[[ Source records, beginning ]]
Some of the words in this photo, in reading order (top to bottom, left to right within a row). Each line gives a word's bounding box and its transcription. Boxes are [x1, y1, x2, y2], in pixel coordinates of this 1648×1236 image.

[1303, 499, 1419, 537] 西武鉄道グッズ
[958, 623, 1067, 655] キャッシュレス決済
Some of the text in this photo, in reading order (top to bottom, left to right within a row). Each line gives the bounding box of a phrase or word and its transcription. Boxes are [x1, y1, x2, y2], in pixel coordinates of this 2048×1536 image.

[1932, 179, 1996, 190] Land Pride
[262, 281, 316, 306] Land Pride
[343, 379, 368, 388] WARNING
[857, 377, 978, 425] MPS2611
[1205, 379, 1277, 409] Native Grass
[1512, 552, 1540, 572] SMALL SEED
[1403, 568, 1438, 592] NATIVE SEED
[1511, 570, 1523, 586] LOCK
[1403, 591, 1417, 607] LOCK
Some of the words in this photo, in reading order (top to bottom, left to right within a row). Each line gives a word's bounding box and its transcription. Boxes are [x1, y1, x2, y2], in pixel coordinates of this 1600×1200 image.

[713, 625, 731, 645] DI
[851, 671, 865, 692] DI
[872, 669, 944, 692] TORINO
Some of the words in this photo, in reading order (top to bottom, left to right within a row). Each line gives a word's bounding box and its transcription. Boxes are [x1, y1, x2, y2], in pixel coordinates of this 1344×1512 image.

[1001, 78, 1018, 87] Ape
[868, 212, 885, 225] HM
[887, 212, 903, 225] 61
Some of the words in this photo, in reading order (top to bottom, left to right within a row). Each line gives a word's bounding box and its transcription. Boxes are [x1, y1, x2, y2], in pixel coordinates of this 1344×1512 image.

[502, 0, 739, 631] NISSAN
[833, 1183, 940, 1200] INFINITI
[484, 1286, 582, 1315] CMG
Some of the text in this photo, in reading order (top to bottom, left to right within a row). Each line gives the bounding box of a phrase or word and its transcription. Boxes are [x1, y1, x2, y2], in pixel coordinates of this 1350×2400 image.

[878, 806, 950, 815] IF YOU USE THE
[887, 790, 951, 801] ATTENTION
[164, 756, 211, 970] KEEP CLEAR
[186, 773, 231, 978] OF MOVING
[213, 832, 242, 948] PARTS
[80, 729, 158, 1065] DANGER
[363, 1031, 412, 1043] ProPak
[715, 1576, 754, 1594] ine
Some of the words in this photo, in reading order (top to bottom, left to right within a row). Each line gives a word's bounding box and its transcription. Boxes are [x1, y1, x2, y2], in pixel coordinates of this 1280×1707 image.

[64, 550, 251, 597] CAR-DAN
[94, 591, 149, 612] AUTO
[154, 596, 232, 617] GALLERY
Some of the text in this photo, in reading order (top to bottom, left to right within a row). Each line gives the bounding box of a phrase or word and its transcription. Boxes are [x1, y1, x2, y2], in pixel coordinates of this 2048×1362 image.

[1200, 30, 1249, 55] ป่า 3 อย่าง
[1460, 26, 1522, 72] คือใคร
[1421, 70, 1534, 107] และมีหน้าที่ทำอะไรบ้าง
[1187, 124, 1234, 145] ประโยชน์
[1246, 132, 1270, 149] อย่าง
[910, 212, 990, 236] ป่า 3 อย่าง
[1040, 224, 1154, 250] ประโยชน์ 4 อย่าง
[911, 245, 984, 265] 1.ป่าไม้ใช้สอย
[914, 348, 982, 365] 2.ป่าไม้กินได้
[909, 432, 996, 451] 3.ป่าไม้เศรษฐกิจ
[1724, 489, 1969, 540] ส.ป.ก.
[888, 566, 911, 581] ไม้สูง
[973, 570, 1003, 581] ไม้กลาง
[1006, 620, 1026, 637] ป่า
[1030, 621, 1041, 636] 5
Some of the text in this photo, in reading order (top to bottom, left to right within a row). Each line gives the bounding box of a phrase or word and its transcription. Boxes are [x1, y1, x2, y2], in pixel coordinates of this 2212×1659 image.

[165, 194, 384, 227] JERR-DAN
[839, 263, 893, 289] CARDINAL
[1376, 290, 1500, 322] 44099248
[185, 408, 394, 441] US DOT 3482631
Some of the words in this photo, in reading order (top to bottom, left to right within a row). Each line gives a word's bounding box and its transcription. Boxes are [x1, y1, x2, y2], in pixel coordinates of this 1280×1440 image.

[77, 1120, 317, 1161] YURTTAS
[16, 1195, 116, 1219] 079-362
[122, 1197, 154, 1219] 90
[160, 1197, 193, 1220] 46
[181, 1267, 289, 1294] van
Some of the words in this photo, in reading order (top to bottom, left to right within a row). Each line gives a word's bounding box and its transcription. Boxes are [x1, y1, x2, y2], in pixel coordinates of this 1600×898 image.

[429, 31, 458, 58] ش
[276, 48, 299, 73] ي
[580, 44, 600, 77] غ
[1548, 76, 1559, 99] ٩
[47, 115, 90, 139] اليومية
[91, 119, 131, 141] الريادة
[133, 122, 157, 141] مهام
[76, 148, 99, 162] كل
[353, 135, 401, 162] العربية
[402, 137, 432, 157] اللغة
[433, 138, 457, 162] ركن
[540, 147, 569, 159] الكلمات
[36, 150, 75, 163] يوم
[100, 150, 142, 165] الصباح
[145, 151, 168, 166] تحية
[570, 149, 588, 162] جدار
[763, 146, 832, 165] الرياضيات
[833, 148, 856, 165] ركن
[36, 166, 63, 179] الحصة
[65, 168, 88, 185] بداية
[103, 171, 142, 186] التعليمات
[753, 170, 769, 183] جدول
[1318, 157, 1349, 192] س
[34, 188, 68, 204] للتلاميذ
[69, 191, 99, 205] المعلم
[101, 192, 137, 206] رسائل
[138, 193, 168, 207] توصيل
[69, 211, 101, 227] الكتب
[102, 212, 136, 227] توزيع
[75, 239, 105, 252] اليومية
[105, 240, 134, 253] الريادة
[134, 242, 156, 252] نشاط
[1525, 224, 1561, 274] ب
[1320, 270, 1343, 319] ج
[[ Source records, end ]]
▶ Task prompt: Going through the material above, reproduce every line exactly.

▶ Task output:
Some of the words in this photo, in reading order (top to bottom, left to right within a row). Each line gives a word's bounding box and its transcription. Boxes are [x1, y1, x2, y2], in pixel coordinates of this 1648×1236 image.

[1303, 499, 1419, 537] 西武鉄道グッズ
[958, 623, 1067, 655] キャッシュレス決済
Some of the text in this photo, in reading order (top to bottom, left to right within a row). Each line gives the bounding box of a phrase or word and its transcription. Boxes are [x1, y1, x2, y2], in pixel coordinates of this 2048×1536 image.

[1932, 179, 1996, 190] Land Pride
[262, 281, 316, 306] Land Pride
[343, 379, 368, 388] WARNING
[857, 377, 978, 425] MPS2611
[1205, 379, 1277, 409] Native Grass
[1512, 552, 1540, 572] SMALL SEED
[1403, 568, 1438, 592] NATIVE SEED
[1511, 570, 1523, 586] LOCK
[1403, 591, 1417, 607] LOCK
Some of the words in this photo, in reading order (top to bottom, left to right within a row). Each line gives a word's bounding box and its transcription. Boxes are [x1, y1, x2, y2], in pixel coordinates of this 1600×1200 image.

[713, 625, 731, 645] DI
[851, 671, 865, 692] DI
[872, 669, 944, 692] TORINO
Some of the words in this photo, in reading order (top to bottom, left to right within a row). Each line gives a word's bounding box and its transcription. Boxes are [x1, y1, x2, y2], in pixel coordinates of this 1344×1512 image.

[1001, 78, 1018, 87] Ape
[868, 212, 885, 225] HM
[887, 212, 903, 225] 61
Some of the words in this photo, in reading order (top to bottom, left to right within a row). Each line gives a word's bounding box and its transcription. Boxes are [x1, y1, x2, y2], in pixel coordinates of this 1344×1512 image.

[502, 0, 739, 631] NISSAN
[833, 1183, 940, 1200] INFINITI
[484, 1286, 582, 1315] CMG
Some of the text in this photo, in reading order (top to bottom, left to right within a row). Each line gives the bounding box of a phrase or word and its transcription. Boxes are [x1, y1, x2, y2], in pixel coordinates of this 1350×2400 image.

[878, 806, 950, 815] IF YOU USE THE
[887, 790, 951, 801] ATTENTION
[164, 756, 211, 970] KEEP CLEAR
[186, 773, 231, 978] OF MOVING
[213, 832, 242, 948] PARTS
[80, 729, 158, 1065] DANGER
[363, 1031, 412, 1043] ProPak
[715, 1576, 754, 1594] ine
Some of the words in this photo, in reading order (top to bottom, left to right within a row). Each line gives a word's bounding box and its transcription. Boxes are [x1, y1, x2, y2], in pixel coordinates of this 1280×1707 image.

[64, 550, 251, 597] CAR-DAN
[94, 591, 149, 612] AUTO
[154, 596, 232, 617] GALLERY
Some of the text in this photo, in reading order (top to bottom, left to right within a row). Each line gives the bounding box of a phrase or word and its transcription. Boxes are [x1, y1, x2, y2], in pixel coordinates of this 2048×1362 image.

[1200, 30, 1249, 55] ป่า 3 อย่าง
[1460, 26, 1522, 72] คือใคร
[1421, 70, 1534, 107] และมีหน้าที่ทำอะไรบ้าง
[1187, 124, 1234, 145] ประโยชน์
[1246, 132, 1270, 149] อย่าง
[910, 212, 990, 236] ป่า 3 อย่าง
[1040, 224, 1154, 250] ประโยชน์ 4 อย่าง
[911, 245, 984, 265] 1.ป่าไม้ใช้สอย
[914, 348, 982, 365] 2.ป่าไม้กินได้
[909, 432, 996, 451] 3.ป่าไม้เศรษฐกิจ
[1724, 489, 1969, 540] ส.ป.ก.
[888, 566, 911, 581] ไม้สูง
[973, 570, 1003, 581] ไม้กลาง
[1006, 620, 1026, 637] ป่า
[1030, 621, 1041, 636] 5
Some of the text in this photo, in reading order (top to bottom, left to right within a row). Each line gives the bounding box of a phrase or word and its transcription. Boxes are [x1, y1, x2, y2], in pixel coordinates of this 2212×1659 image.

[165, 194, 384, 227] JERR-DAN
[839, 263, 893, 289] CARDINAL
[1376, 290, 1500, 322] 44099248
[185, 408, 394, 441] US DOT 3482631
Some of the words in this photo, in reading order (top to bottom, left to right within a row). Each line gives a word's bounding box and its transcription. Boxes are [x1, y1, x2, y2], in pixel coordinates of this 1280×1440 image.

[77, 1120, 317, 1161] YURTTAS
[16, 1195, 116, 1219] 079-362
[122, 1197, 154, 1219] 90
[160, 1197, 193, 1220] 46
[181, 1267, 289, 1294] van
Some of the words in this photo, in reading order (top to bottom, left to right within a row). Each line gives a word's bounding box and its transcription. Boxes are [x1, y1, x2, y2], in pixel coordinates of this 1600×898 image.

[429, 31, 458, 58] ش
[276, 48, 299, 73] ي
[580, 44, 600, 77] غ
[1548, 76, 1559, 99] ٩
[47, 115, 90, 139] اليومية
[91, 119, 131, 141] الريادة
[133, 122, 157, 141] مهام
[76, 148, 99, 162] كل
[353, 135, 401, 162] العربية
[402, 137, 432, 157] اللغة
[433, 138, 457, 162] ركن
[540, 147, 569, 159] الكلمات
[36, 150, 75, 163] يوم
[100, 150, 142, 165] الصباح
[145, 151, 168, 166] تحية
[570, 149, 588, 162] جدار
[763, 146, 832, 165] الرياضيات
[833, 148, 856, 165] ركن
[36, 166, 63, 179] الحصة
[65, 168, 88, 185] بداية
[103, 171, 142, 186] التعليمات
[753, 170, 769, 183] جدول
[1318, 157, 1349, 192] س
[34, 188, 68, 204] للتلاميذ
[69, 191, 99, 205] المعلم
[101, 192, 137, 206] رسائل
[138, 193, 168, 207] توصيل
[69, 211, 101, 227] الكتب
[102, 212, 136, 227] توزيع
[75, 239, 105, 252] اليومية
[105, 240, 134, 253] الريادة
[134, 242, 156, 252] نشاط
[1525, 224, 1561, 274] ب
[1320, 270, 1343, 319] ج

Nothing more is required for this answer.